Under what it terms a “fast-paced development program from launch to first delivery,” Airbus has embarked on a 1,100-flight-hour test campaign aimed at achieving EASA and FAA type certification for the A330-900, the first variant of its re-engined A330neo (for new engine option), around mid-2018. The A330neo twin-aisle twinjet is powered exclusively with Rolls-Royce Trent 7000 turbofan engines.


An additional 300 flight-hours will be invested in obtaining airworthiness approval for the smaller A330-800 variant. The European manufacturer said that flight testing will be performed in an airline-like operating environment intended to ensure "maximum aircraft maturity and reliability at entry into service [EIS]" with A330-900 launch operator TAP Portugal. "This phase will also define the mature aircraft documentation to be available at EIS."


In the hands of experimental test pilots Thierry Bourges and Thomas Wilhelm, and test-flight engineer Alain Pourchet, A330-900 manufacturer's serial number (MSN) 1795—the first of three development aircraft—made a 4-hour 13-minute maiden flight on October 19 at the Airbus Flight and Integration Test Centre in Toulouse, France. Monitoring aircraft systems and performance on board were flight-test engineers Emiliano Requena Esteban and Gert Wunderlich and Airbus head of development flight-testing, Jean-Philippe Cottet.

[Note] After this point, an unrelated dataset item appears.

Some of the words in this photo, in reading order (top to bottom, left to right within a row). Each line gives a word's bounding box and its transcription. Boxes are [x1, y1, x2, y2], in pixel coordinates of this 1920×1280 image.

The full flight-test campaign will involve two A330-900s (MSNs 1795 and 1813, the latter expected to fly shortly) and an A330-800 (MSN 1888), each equipped with a medium-level flight-test instrument fit. They will be complemented by first-production A330-900 MSN 1819 with a lighter flight-test instrumentation setup. This third machine will validate the A330neo passenger cabin, which is configured with the manufacturer's Airspace interior, which is designed to accommodate up to 10 more passengers than earlier A330-200 and -300 models.


The overall A330neo flight-test campaign involving MSN 1795 (600 flight-hours) and MSN 1813 (500 flight-hours) comprises five phases, with the second machine scheduled to fly midway through the first period. Testing will cover Initial development, development tests, certification tests, EIS preparation and EIS support.

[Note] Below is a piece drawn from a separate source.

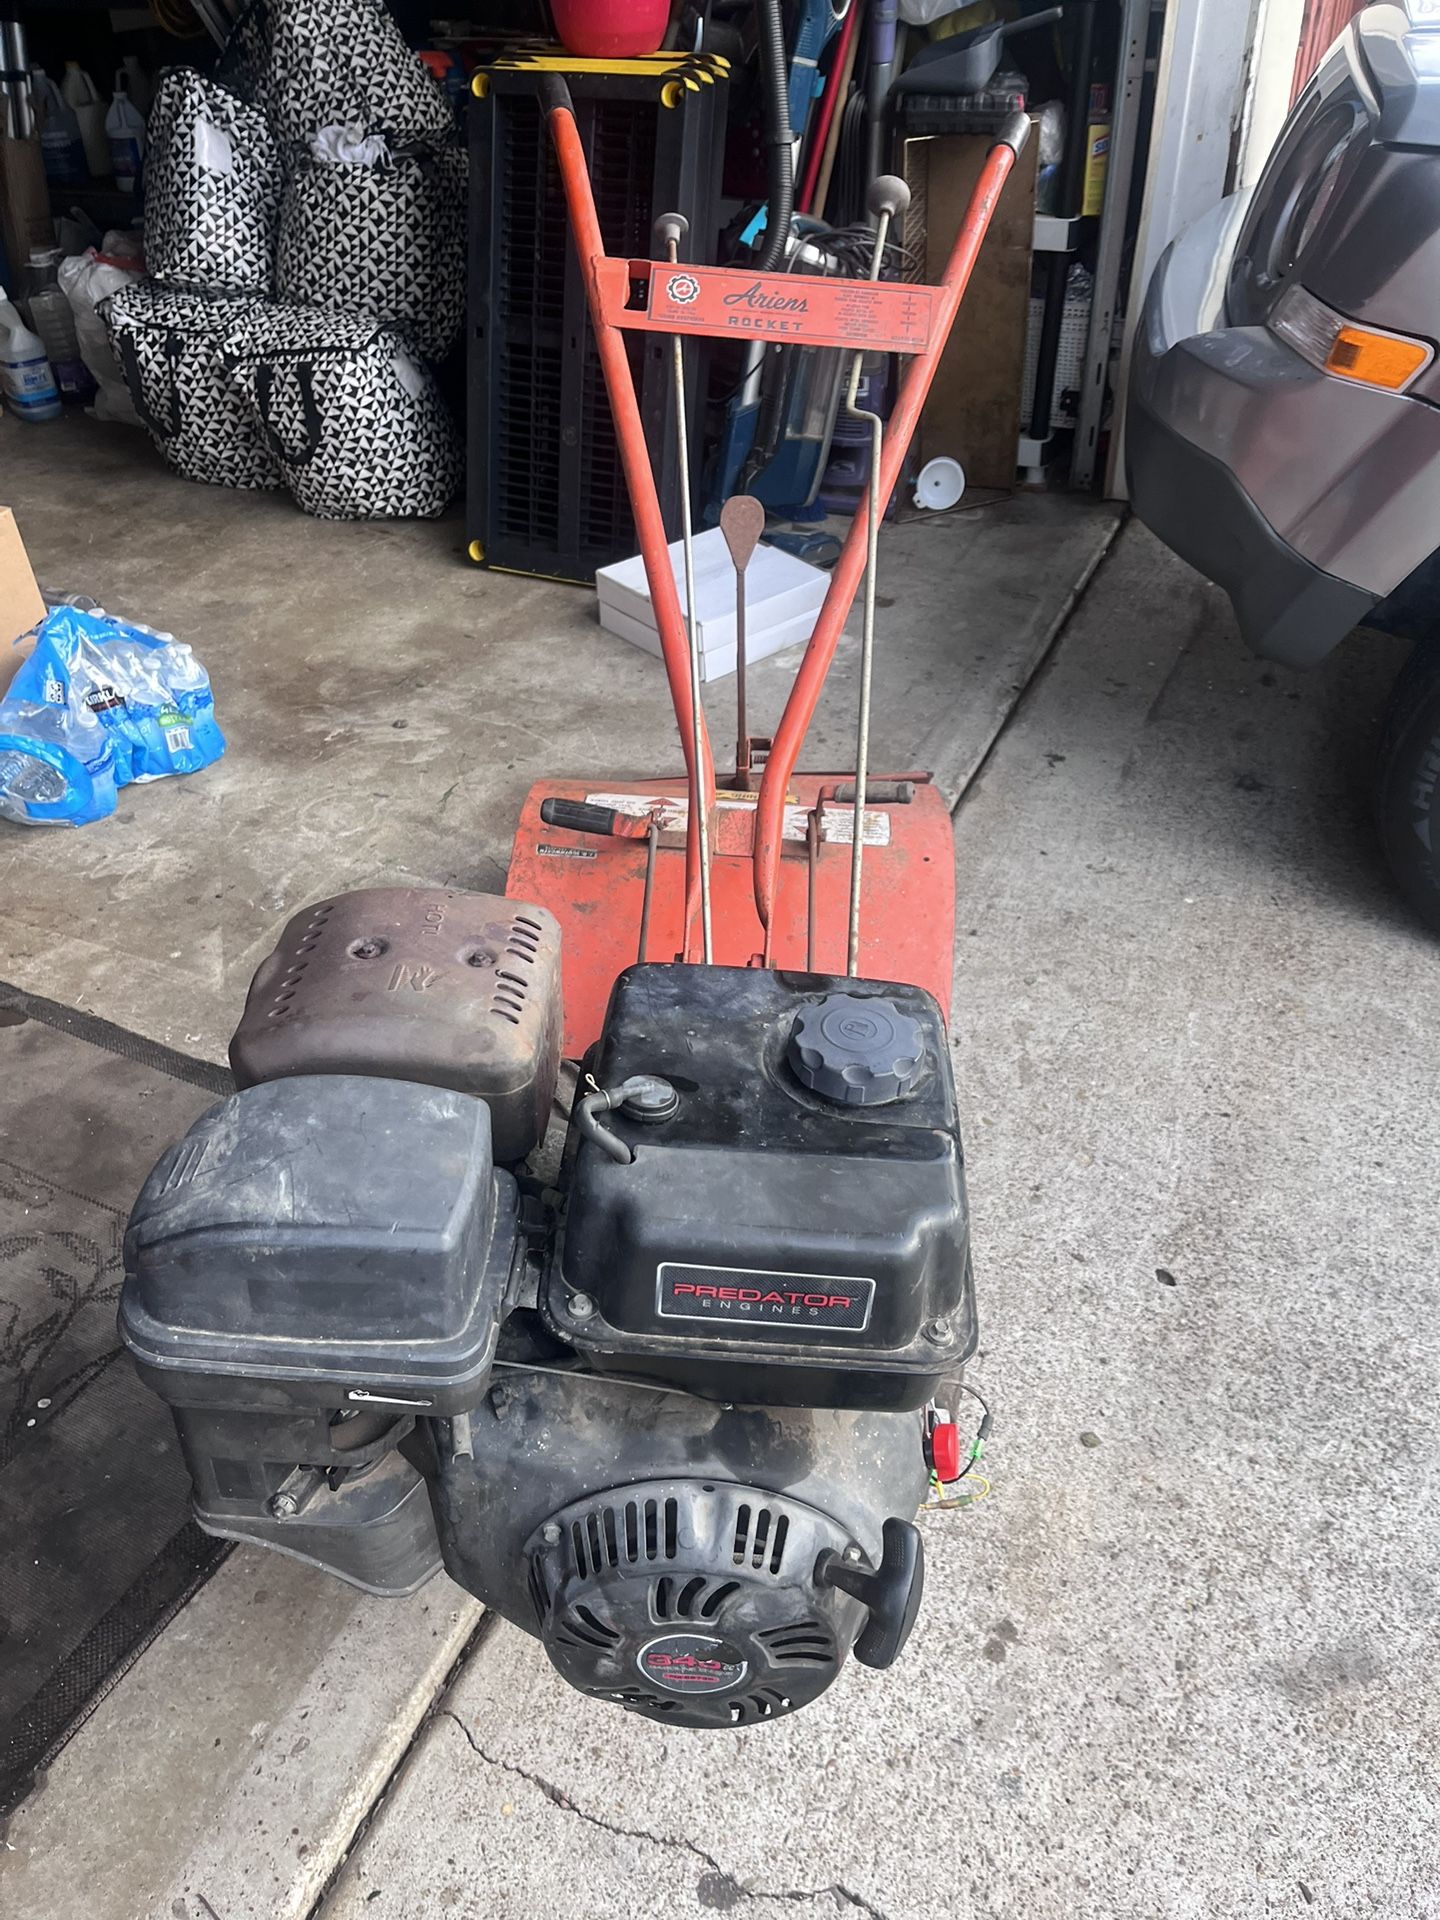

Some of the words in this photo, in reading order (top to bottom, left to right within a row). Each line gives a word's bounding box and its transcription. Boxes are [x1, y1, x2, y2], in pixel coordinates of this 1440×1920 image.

[723, 281, 808, 312] Ariens
[728, 316, 803, 331] ROCKET
[674, 1283, 851, 1308] PREDATOR
[702, 1299, 819, 1316] ENGINES

Before the A330neo inaugural flight last month, Airbus had already completed some 130 flight-hours of testing with A330-200 MSN 871 between late 2015 and the second quarter of this year. The work involved validation of the A330neo's upgraded flight-control laws, systems de-risking, and initial checks of Airspace cabin components (such as overhead luggage bins).

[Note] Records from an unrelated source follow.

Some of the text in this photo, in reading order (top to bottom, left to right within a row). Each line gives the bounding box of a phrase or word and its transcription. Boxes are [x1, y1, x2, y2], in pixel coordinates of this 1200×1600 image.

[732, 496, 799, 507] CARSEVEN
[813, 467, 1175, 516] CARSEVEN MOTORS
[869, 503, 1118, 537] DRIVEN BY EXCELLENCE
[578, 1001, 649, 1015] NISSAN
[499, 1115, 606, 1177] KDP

The A330-900's first flight was used to assess handling, check systems and expand the flight envelope at up to 30,000 feet, before checking performance in approach configuration at height before landing. After taking off with flight controls in direct law, a climb to 10,000 feet was followed by an assessment of A330neo handling as the crew began an initial flight-envelope expansion.


Further expansion was made as aircraft systems were monitored before the aircraft reached its nominal ceiling. Confirmation of behavior with the aircraft set up in runway-approach mode was followed by the crew conducting a first approach and go-around from 300 feet ahead of a second approach and the A330neo's first landing, again with flight controls in direct law.